My latest book, co-authored with Vivek Ranadivé, is The Two-Second Advantage: How We Succeed by Anticipating the Future…Just Enough (September, 2011).
Last year, I had another book out: Trade-Off: Why Some Things Catch On, and Others Don’t. The hardcover was published in the fall of 2009 by Broadway Books; the paperback, in August 2010.
I contribute occasionally to Fortune, The Atlantic, Fast Company and other magazines. I had been a contributing editor at the ill-fated Condé Nast Portfolio, joining the magazine prior to its launch in 2007 and hanging on until its demise in April 2009.
Before all this, I worked at USA Today for 22 years, much of it as the newspaper’s technology columnist. The job gave me the privilege of interviewing most of the biggest names in the industry. Here and there, I end up on television and radio. I’ve appeared on PBS, NPR, CNBC, and other media outlets, and I’ve frequently been a keynote speaker and on-stage interviewer at events and conferences.

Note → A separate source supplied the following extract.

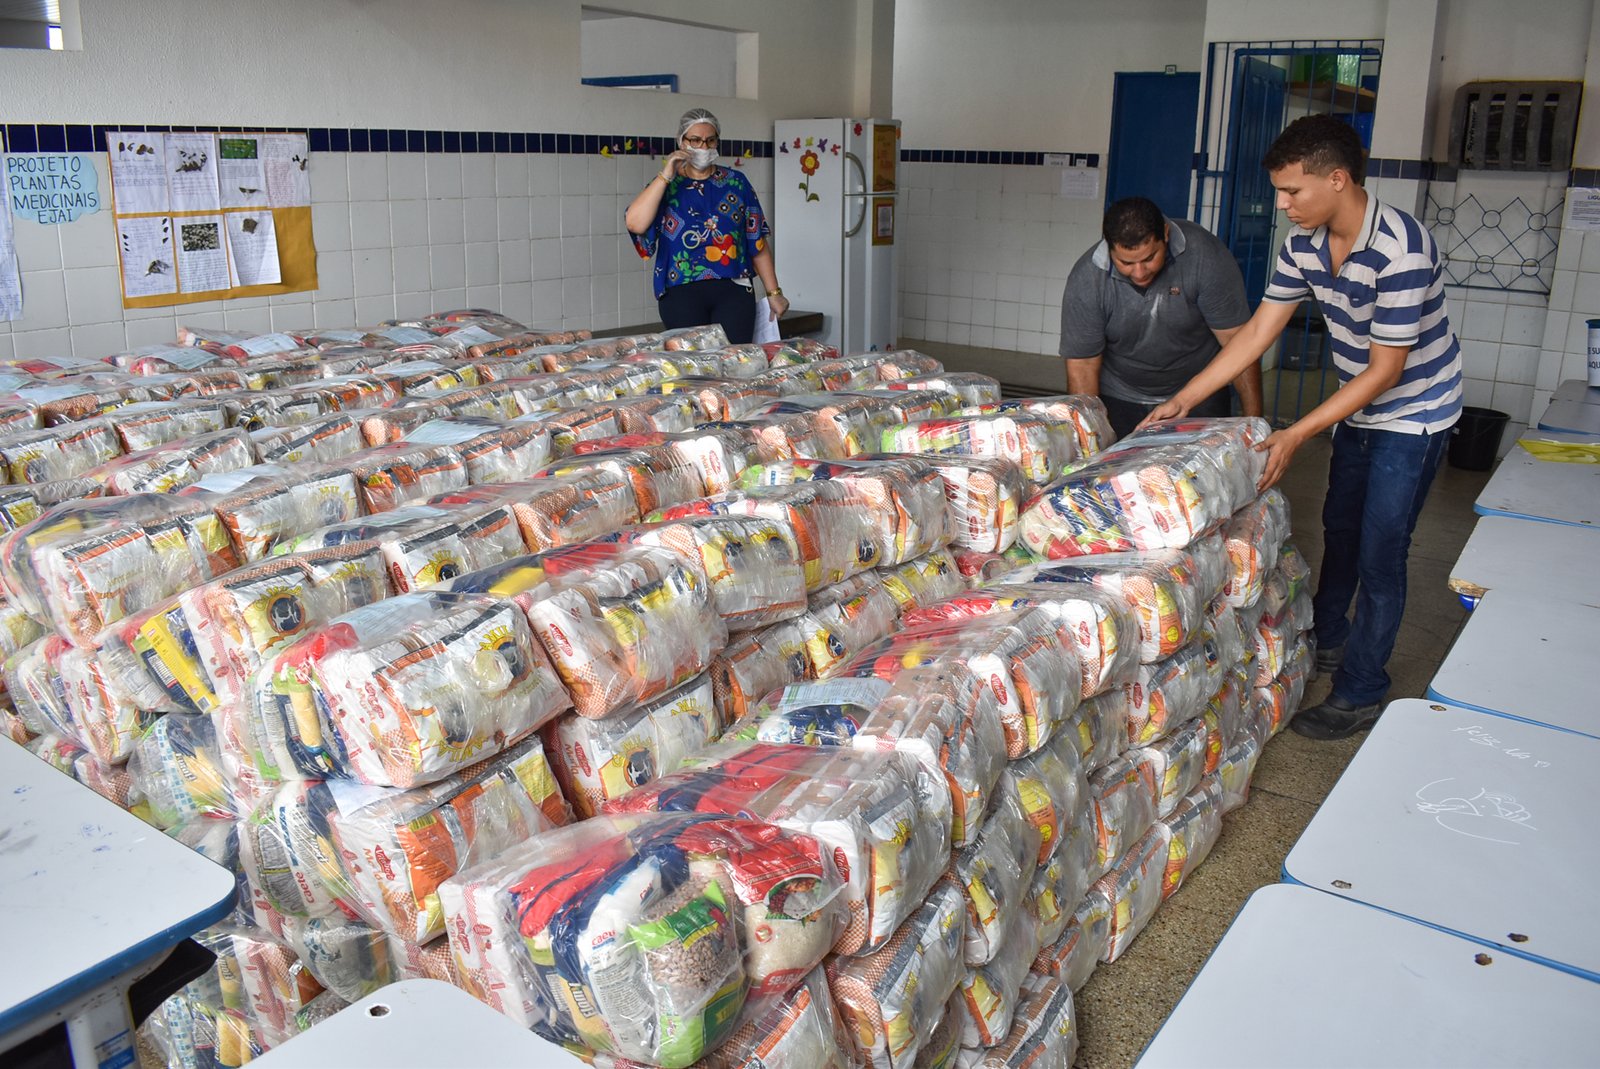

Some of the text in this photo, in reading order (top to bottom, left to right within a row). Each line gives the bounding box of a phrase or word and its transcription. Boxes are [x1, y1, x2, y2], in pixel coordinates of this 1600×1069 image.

[7, 156, 81, 173] PROJETO
[10, 175, 81, 191] PLANTAS
[13, 192, 97, 210] MEDICINAIS
[38, 209, 72, 224] EJAI

On the music side, in 2008 I worked with a group of terrific Bay Area musicians and recorded a CD of songs of wry commentary about business and technology. It’s called “Privacy,” by Kevin Maney & His Briefs. You can actually buy it on iTunes. I’ve also played in a DC-area band, Not Dead Yet, which at the moment is dormant, if not actually dead. My shining moment was getting my song “Found It On Google” played on Mitch Albom’s radio show.
I graduated from Rutgers University, grew up in Binghamton, N.Y., and now live outside Washington, DC, while spending a lot of time in New York.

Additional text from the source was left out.